» How to complete this task
Every line below is to be quoted exactly, with nothing added or dropped.

» Material provided
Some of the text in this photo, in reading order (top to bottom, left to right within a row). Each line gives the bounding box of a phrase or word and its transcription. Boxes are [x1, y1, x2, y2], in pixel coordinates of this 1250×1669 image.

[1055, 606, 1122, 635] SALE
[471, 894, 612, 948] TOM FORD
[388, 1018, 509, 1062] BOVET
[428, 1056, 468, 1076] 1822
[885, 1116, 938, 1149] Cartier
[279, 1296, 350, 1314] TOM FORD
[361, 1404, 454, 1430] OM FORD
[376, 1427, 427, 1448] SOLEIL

» Solved problem
Some of the text in this photo, in reading order (top to bottom, left to right within a row). Each line gives the bounding box of a phrase or word and its transcription. Boxes are [x1, y1, x2, y2], in pixel coordinates of this 1250×1669 image.

[1055, 606, 1122, 635] SALE
[471, 894, 612, 948] TOM FORD
[388, 1018, 509, 1062] BOVET
[428, 1056, 468, 1076] 1822
[885, 1116, 938, 1149] Cartier
[279, 1296, 350, 1314] TOM FORD
[361, 1404, 454, 1430] OM FORD
[376, 1427, 427, 1448] SOLEIL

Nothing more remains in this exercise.